Tuberculosis has increased four-fold in some areas of London over the last 10 years, according to a new report.
Tuberculosis can affect the lungs and bones.
The London Assembly's Health Committee said the disease was making a "worrying comeback" in London but levelling out in the rest of the UK.
Almost half of the 6,891 new cases of TB in England and Wales were in London by 2002 compared to only three in 20 in the 1980s.
The report calls for health checks and a raising of awareness of the disease.
TB was a major cause of death in the UK until about 50 years ago when new drugs became available to treat it.
The London boroughs of Hillingdon, Enfield and Greenwich all saw a four-fold increase in the disease, the report said.
In Barking, Ealing, Hackney, Islington and Lewisham the number of cases have doubled since the early 1990s.

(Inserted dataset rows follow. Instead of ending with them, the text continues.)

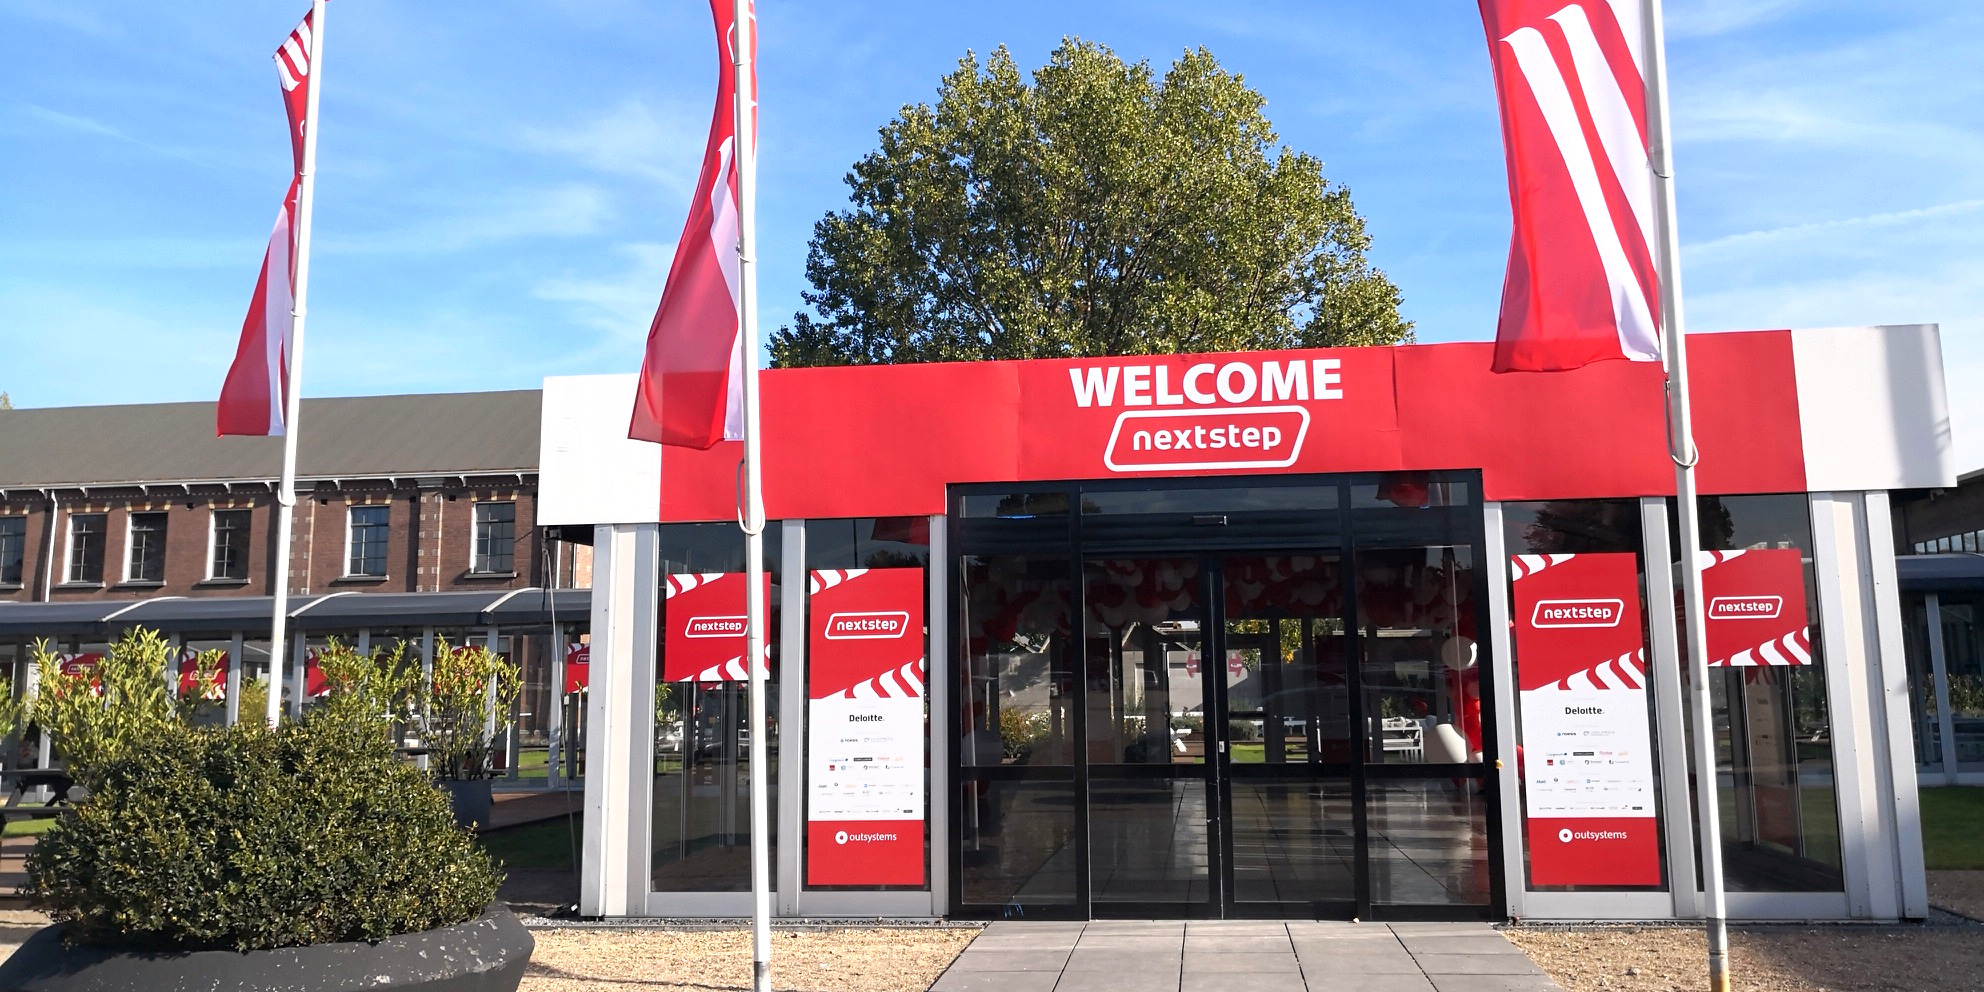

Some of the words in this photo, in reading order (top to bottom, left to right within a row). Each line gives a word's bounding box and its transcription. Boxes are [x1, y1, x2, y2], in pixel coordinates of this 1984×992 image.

[1069, 359, 1343, 408] WELCOME
[1132, 423, 1282, 451] nextstep
[1544, 605, 1612, 620] nextstep
[1718, 600, 1774, 613] nextstep
[694, 620, 742, 633] nextstep
[836, 618, 898, 632] nextstep
[849, 831, 897, 843] outsystems
[1574, 829, 1628, 842] outsystems

The committee also found that strains of TB which were resistant to drugs were more common in London than elsewhere and those cases were also more expensive to treat.

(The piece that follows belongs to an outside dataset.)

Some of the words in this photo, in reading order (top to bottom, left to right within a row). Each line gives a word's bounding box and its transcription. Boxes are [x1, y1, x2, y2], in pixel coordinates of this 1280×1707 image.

It said carrying out health checks in local communities would be more effective than screening people when they arrive in the UK.

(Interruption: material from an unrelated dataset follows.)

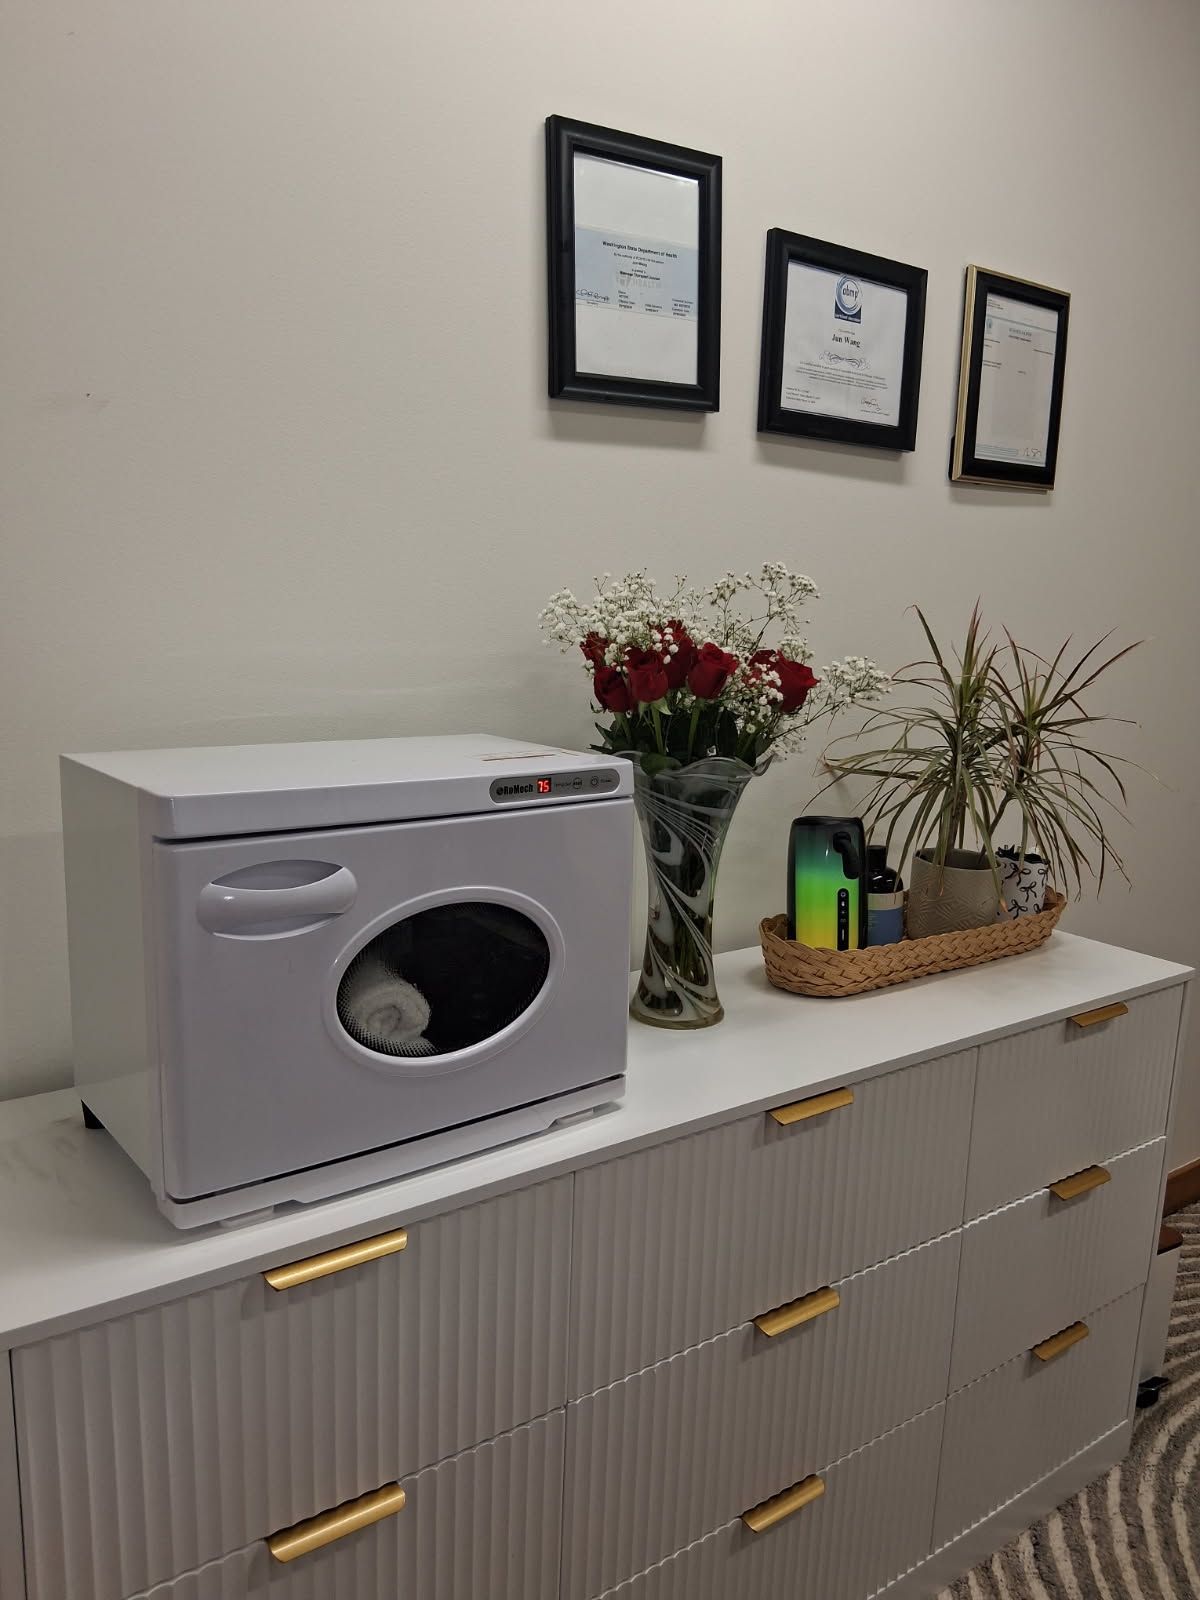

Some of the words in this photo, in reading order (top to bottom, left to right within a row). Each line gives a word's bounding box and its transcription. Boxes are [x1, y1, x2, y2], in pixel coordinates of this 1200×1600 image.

Committee chairwoman Elizabeth Howlett said: "After a century in decline, TB is making a worrying comeback in the capital with increasing numbers of Londoners contracting the disease.
"We have not yet reached a crisis point in London and we must make sure that we do not.
"Failure to heed the rising rates in London and to ensure adequate TB control now could result in major problems and expenditure in the future, particularly with the emergence of multi-drug resistant strains."